その日在京各紙(読売・朝日・日経・産経・東京)を買って全候補者掲載のページを調べたのですが……全員の読みが分かるのは毎日新聞だけでした。
普段そんなことをしないのですが、なぜ他紙を買いそろえたかというと、各紙のルビの体裁を見たかったからです。私は普段、毎日小学生新聞の担当なので、漢字のほぼすべてに振られるルビの体裁を気にすることが多く、他紙の人名のルビが気になったのです。しかし、朝刊各紙を買いそろえたのに、全候補者のルビを載せているのは毎日だけじゃありませんか。金返せ!という見当違いな怒りと裏腹に、毎日新聞ベストじゃん!というめったに抱かない愛社精神が突如わいてきたのです。
ただねえ……そもそもルビの体裁が気になったのって、裏返せば毎日新聞のルビの基準があやふやなことが背景にあるのですよ。
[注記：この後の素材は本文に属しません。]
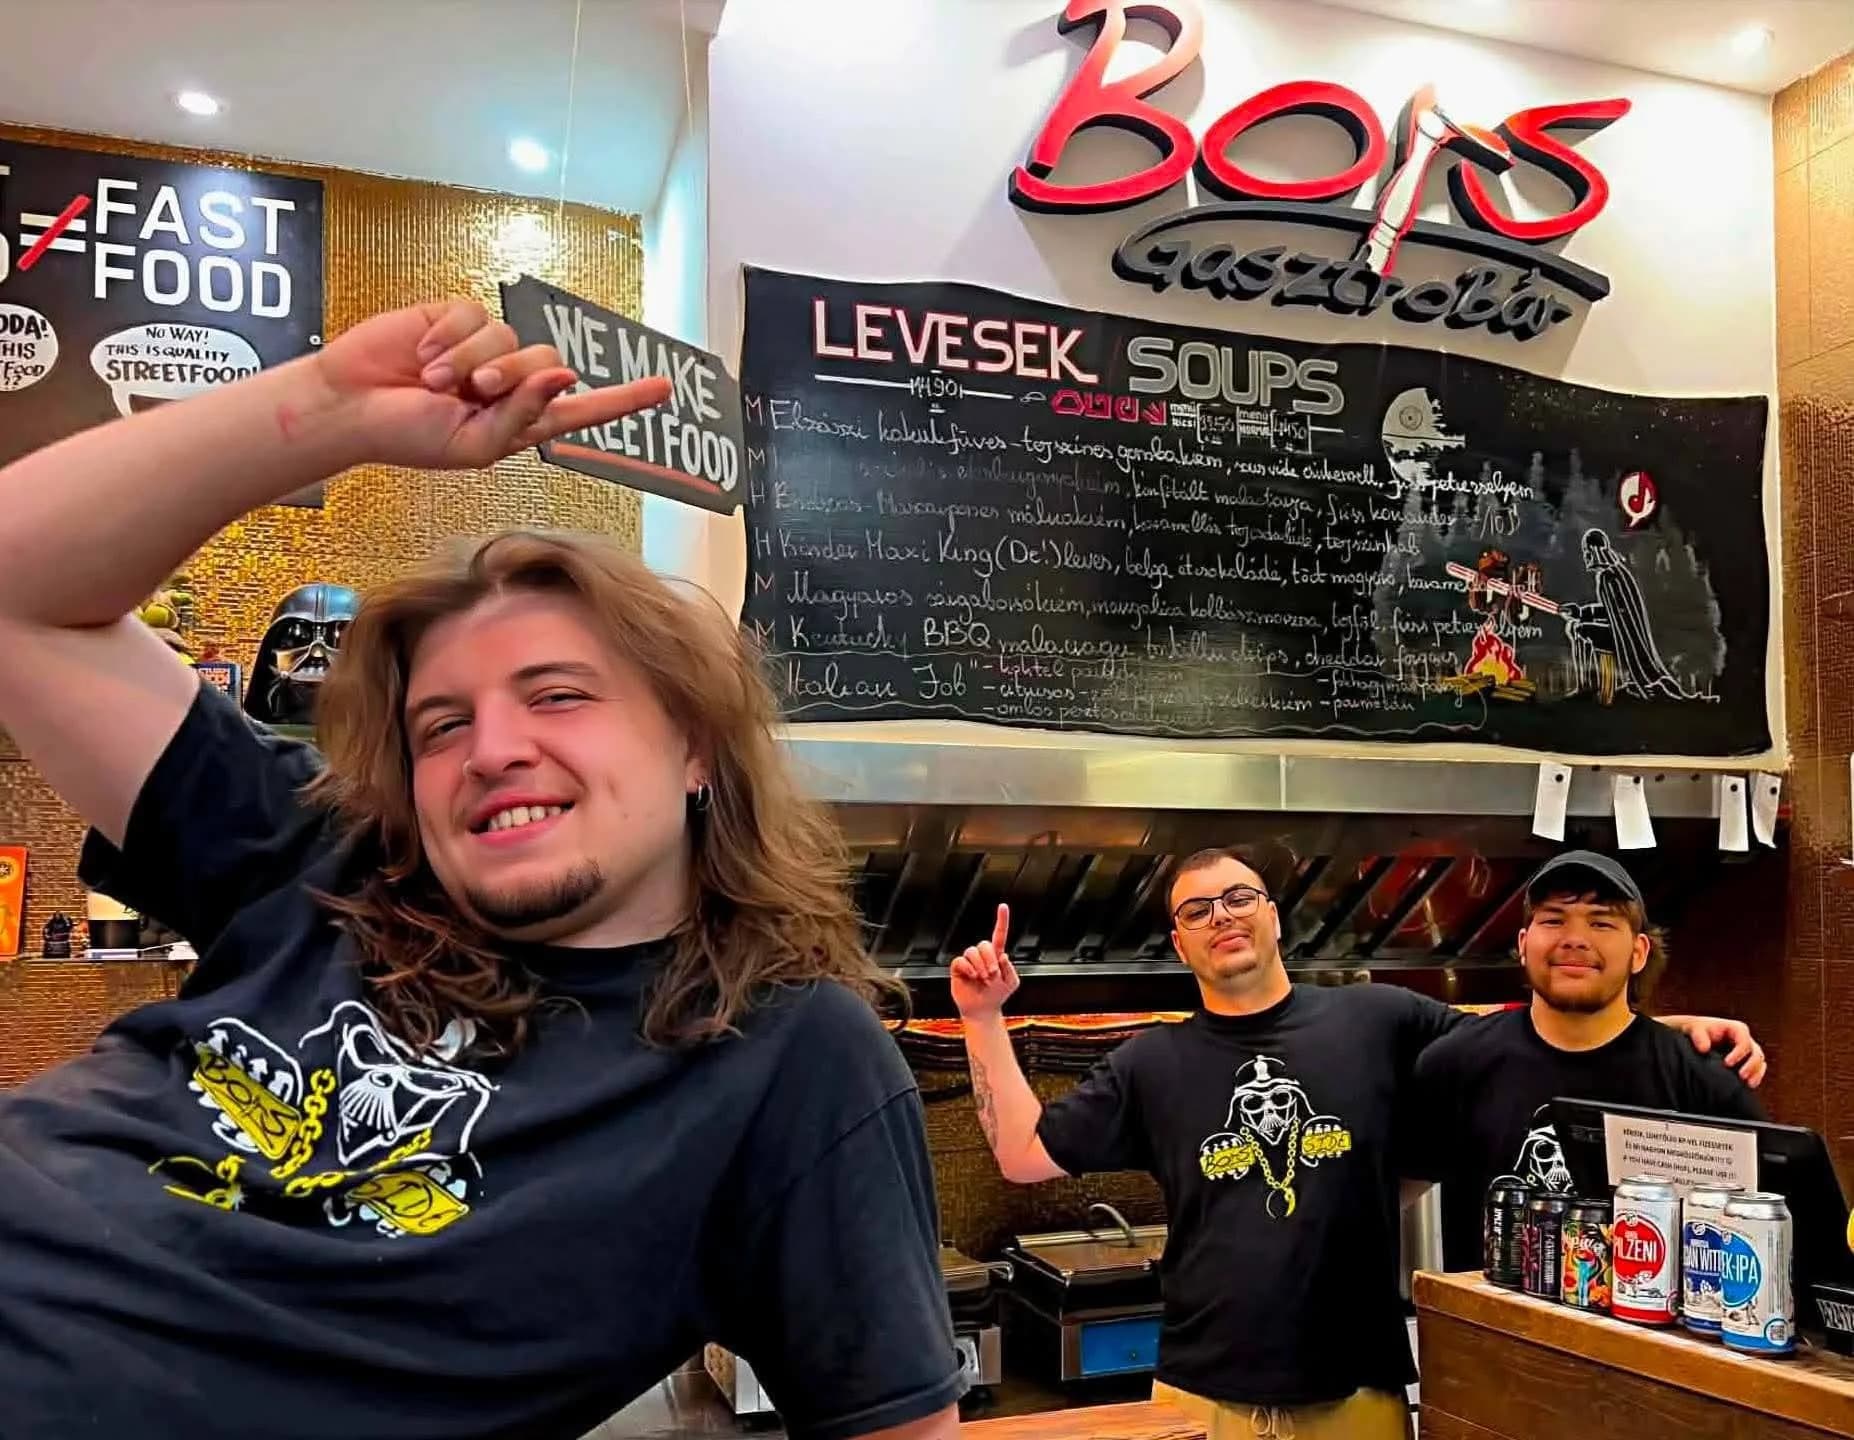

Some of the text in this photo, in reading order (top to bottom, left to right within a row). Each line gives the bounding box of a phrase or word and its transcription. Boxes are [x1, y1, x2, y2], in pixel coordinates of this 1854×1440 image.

[95, 178, 295, 255] FAST
[95, 242, 291, 318] FOOD
[0, 313, 49, 340] ODA!
[146, 327, 208, 345] NO WAY!
[0, 360, 45, 378] FOOD
[105, 344, 229, 363] THIS IS QUALITY
[543, 304, 722, 423] WE MAKE
[812, 296, 1099, 385] LEVESEK
[1127, 336, 1345, 416] SOUPS
[937, 528, 993, 578] King
[922, 617, 990, 650] BBQ
非常に細かい体裁の話なので、誤字とか本質的な日本語の話とかを期待する方はごめんなさい。一般読者にとって益体のない話と思います。ただ、その細かいルビが、ルビーのように美しくと言わないまでも、きれいに並んで、皆さんのお役に立てますようにと願っています。そう、ルビの語源は宝石のルビーにあるのですから。
意図せざる「ゲル首相」
例えば、これは毎日小学生新聞の作成中の記事から拾いましたが、違和感があるでしょうか。
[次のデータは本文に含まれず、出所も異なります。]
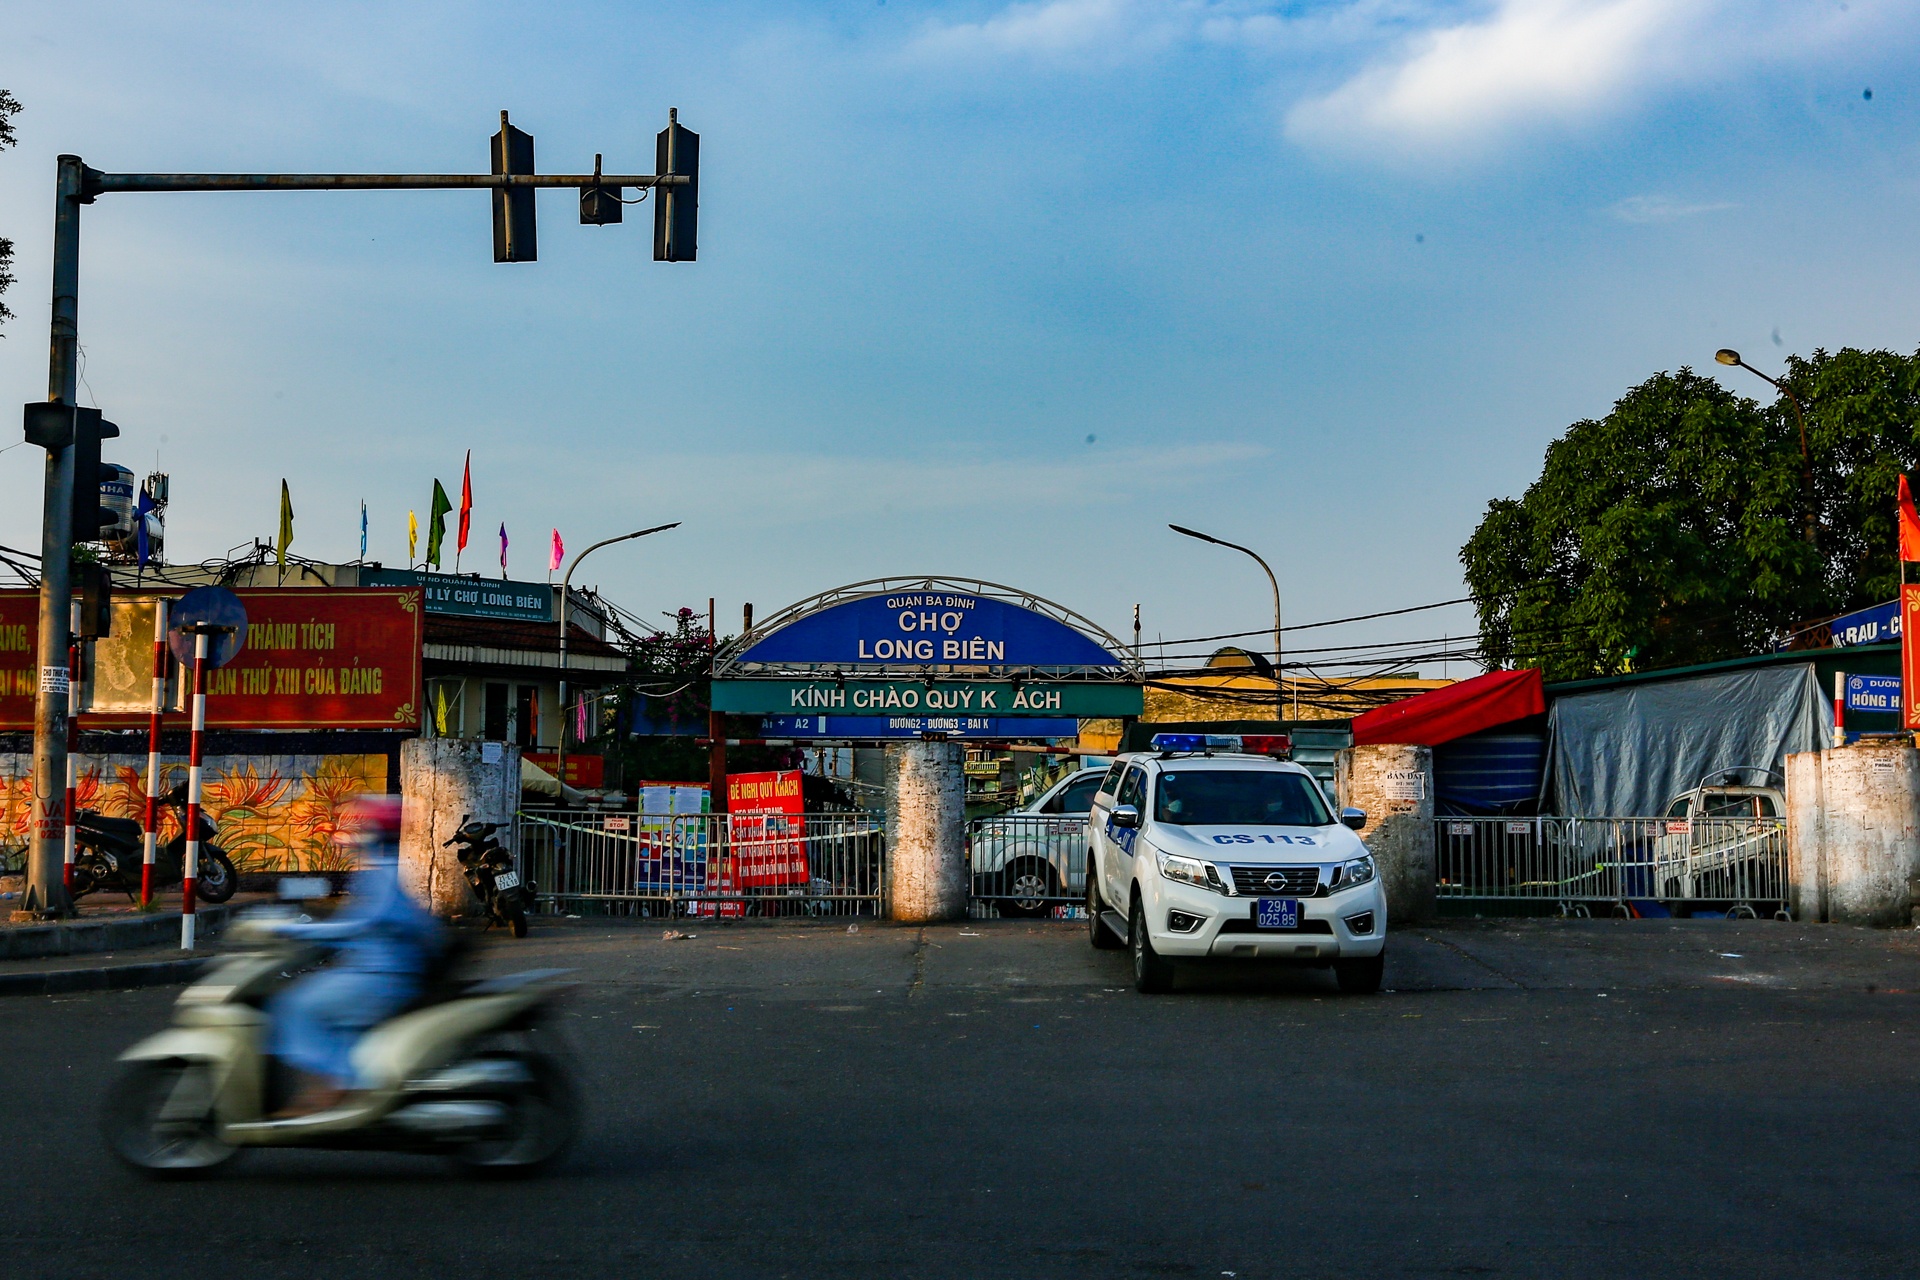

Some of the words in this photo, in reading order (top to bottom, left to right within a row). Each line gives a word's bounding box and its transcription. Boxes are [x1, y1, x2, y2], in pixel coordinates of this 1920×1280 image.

[437, 586, 451, 601] LÝ
[454, 590, 478, 606] CHỢ
[482, 593, 513, 607] LONG
[516, 594, 542, 609] BIÊN
[887, 595, 922, 609] QUẬN
[925, 596, 943, 606] BA
[945, 595, 975, 610] ĐÌNH
[247, 617, 297, 649] THÀNH
[301, 617, 335, 649] TÍCH
[898, 610, 964, 636] CHỢ
[1846, 622, 1878, 644] RAU
[858, 639, 934, 659] LONG
[943, 636, 1004, 660] BIÊN
[241, 661, 273, 695] THỨ
[274, 667, 300, 695] XIII
[305, 656, 335, 695] CỦA
[340, 656, 382, 695] ĐẢNG
[1869, 680, 1902, 688] ĐƯỜN
[791, 685, 845, 708] KÍNH
[853, 686, 919, 708] CHÀO
[925, 686, 975, 710] QUÝ
[1851, 689, 1887, 708] HỒNG
[795, 718, 809, 729] A2
[730, 778, 740, 800] ĐỀ
[741, 783, 758, 802] NGHỊ
[759, 778, 773, 800] QUÝ
[774, 777, 798, 797] KHÁCH
[1212, 834, 1255, 845] CS
[1258, 834, 1316, 846] 113
[1267, 900, 1288, 913] 29A
[1259, 913, 1295, 926] 025.85
なんだか「破」に「ばし」、「茂」に「げる」が対応して「いしばし・げる」さんに見えませんか? 確かに「ゲル」というあだ名も一部でささやかれているようですが、もちろんそれを意識したルビではありません。「石破茂」という3文字に「いしばしげる」という6文字のルビを均等に振った結果、こうなってしまっているのです。
毎日新聞本紙でもそうですが、上のようなルビ位置は下のように直します。
これは字と読みの対応関係がはっきりしていましたが、問題は字とルビの対応が明確でない場合、どうするかです。
例えば「井上」。「井=いの」「上=うえ」と切ってよいかですが、井に「いの」の読みはないので、ものすごく厳密にルビを振ろうとすると、「井」と「上」の字間に「の」のルビを打つのが正しいことになります。
均等に振るか、1字ずつ対応か
では「和泉」で「いずみ」と読ませる場合は。「和」に対応する読みはないので「泉」の部分のみに「いずみ」と振るのが正確でしょうか。いや、正確かもしれませんが「和泉」で「いずみ」と均等に振るのが現実的でしょう。
このように2文字の漢字に対し3文字のルビを振ることを毎日新聞では「均等ルビ」「群ルビ」と呼んでいます。ほかにも「対語(たいご)ルビ」「グループルビ」という言い方もあり、これは1文字ずつ対応させる「対字ルビ」「モノルビ」に対する用語です。
さきほどの「いしばしげる」は3文字の漢字に対し6文字のルビを均等に割り当てた結果であり、そういう方針と決めるなら間違いとはいえないのです。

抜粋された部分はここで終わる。